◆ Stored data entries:

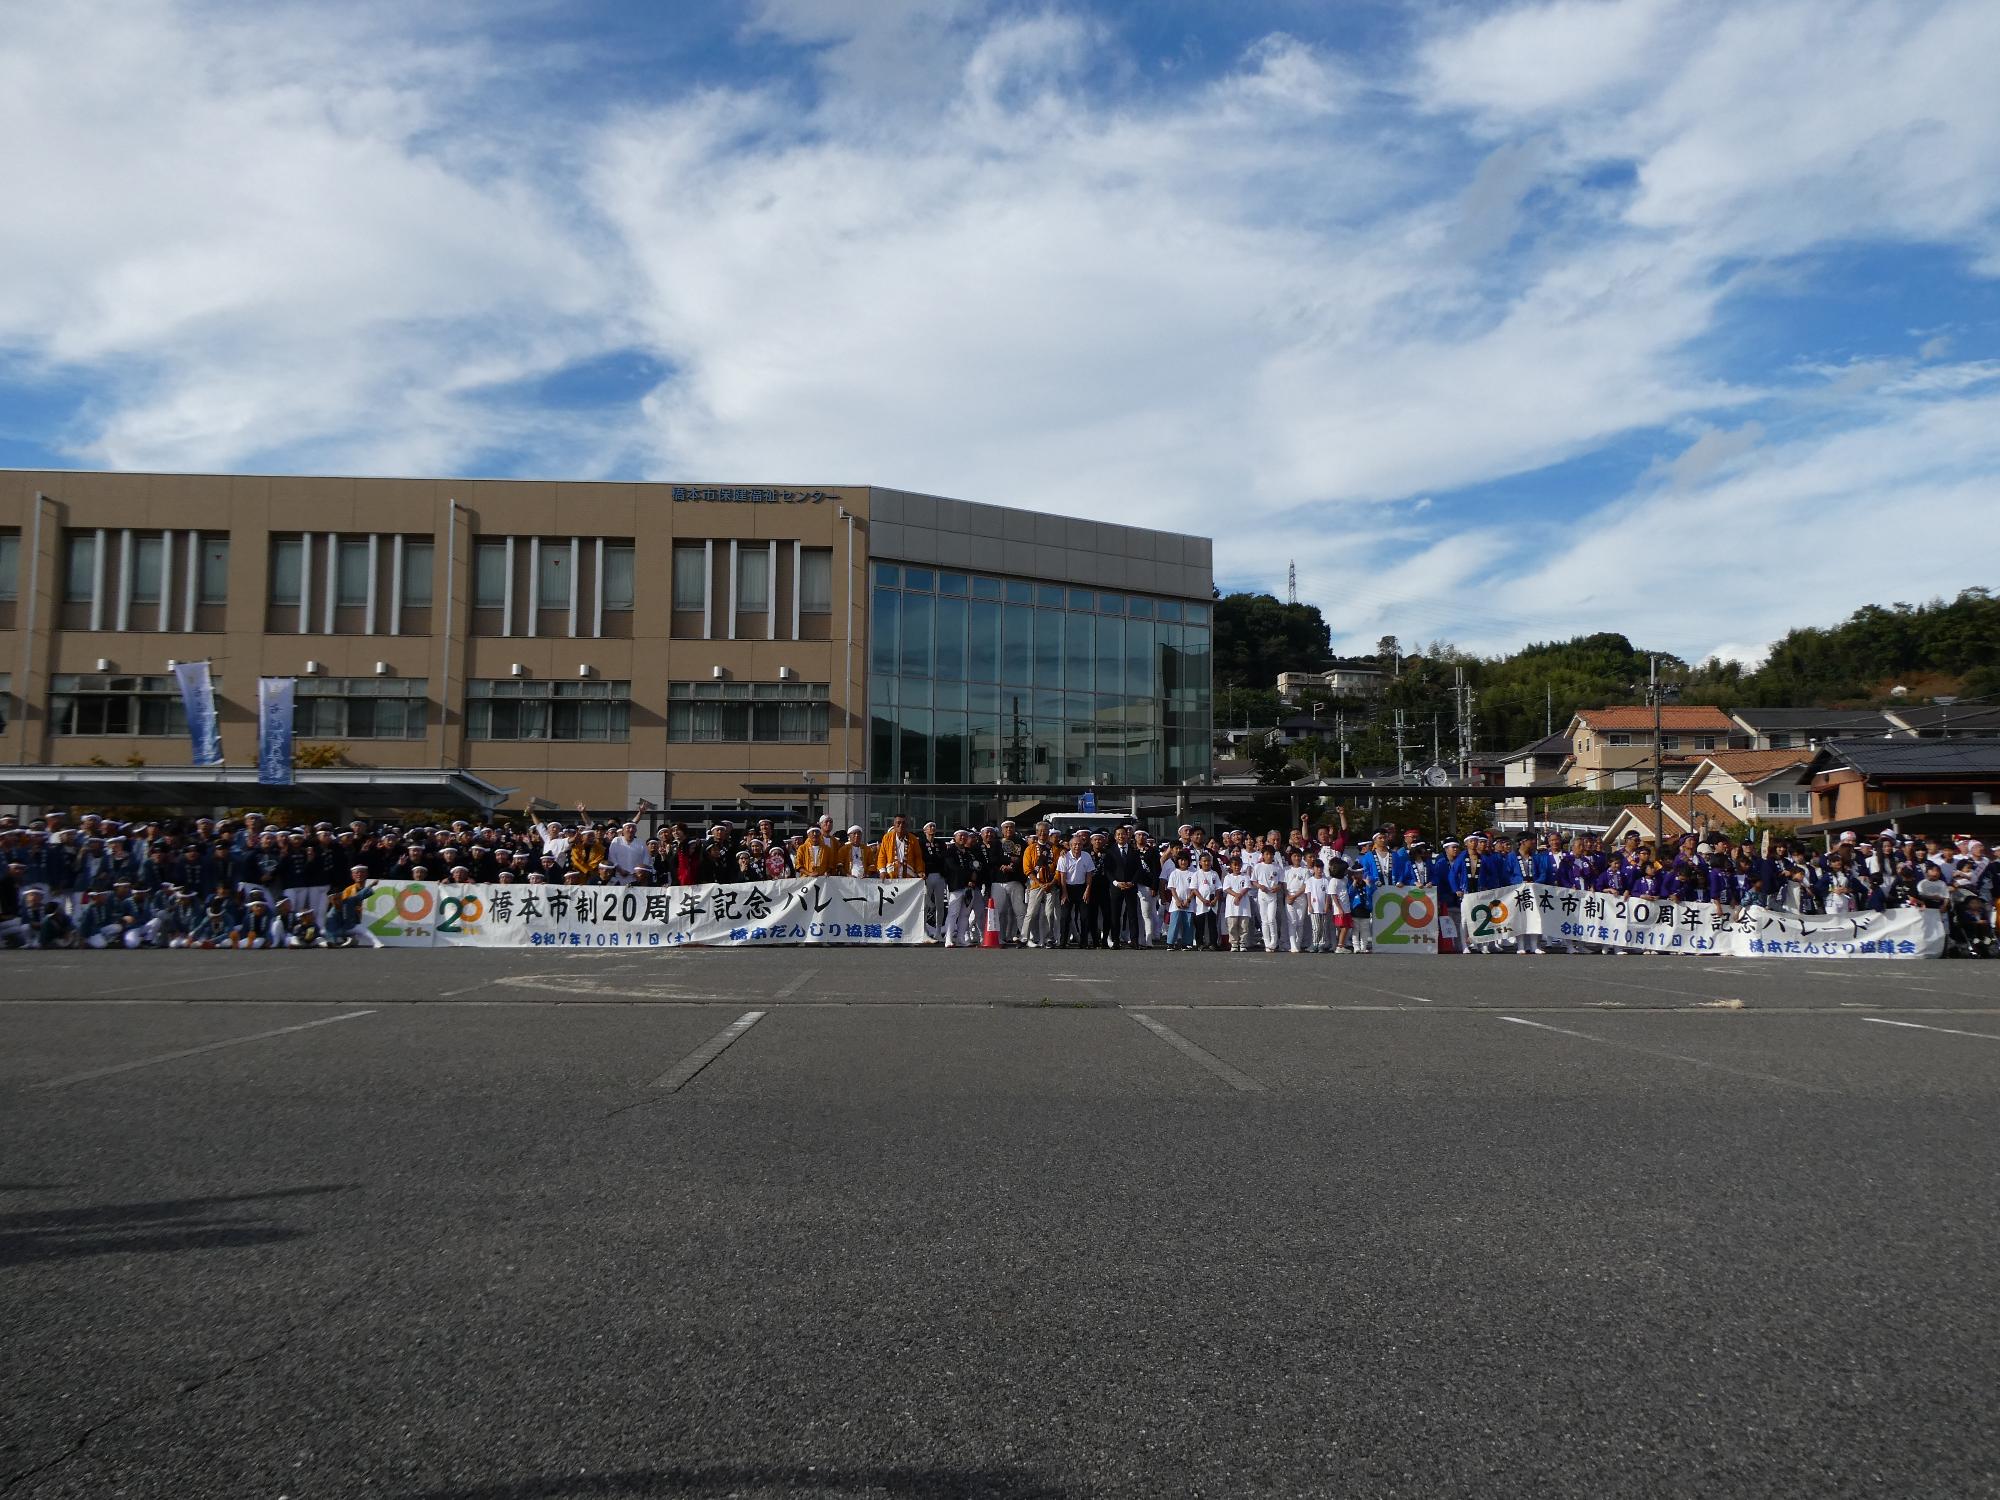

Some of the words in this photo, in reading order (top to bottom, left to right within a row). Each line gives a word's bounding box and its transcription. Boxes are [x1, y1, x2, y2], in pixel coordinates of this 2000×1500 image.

[672, 487, 843, 504] 橋本市保健福祉センター
[488, 884, 899, 925] 橋本市制20周年記念パレード
[1514, 888, 1871, 939] 橋本市制20周年記念パレード
[729, 922, 904, 941] 橋本だんじり協議会
[1749, 938, 1916, 955] 橋本だんじり協議会

◆ EXERCISE AIM:
The records above should be written out in full and unchanged, except that pictures are dropped.

◆ RESULT:
Some of the words in this photo, in reading order (top to bottom, left to right within a row). Each line gives a word's bounding box and its transcription. Boxes are [x1, y1, x2, y2], in pixel coordinates of this 2000×1500 image.

[672, 487, 843, 504] 橋本市保健福祉センター
[488, 884, 899, 925] 橋本市制20周年記念パレード
[1514, 888, 1871, 939] 橋本市制20周年記念パレード
[729, 922, 904, 941] 橋本だんじり協議会
[1749, 938, 1916, 955] 橋本だんじり協議会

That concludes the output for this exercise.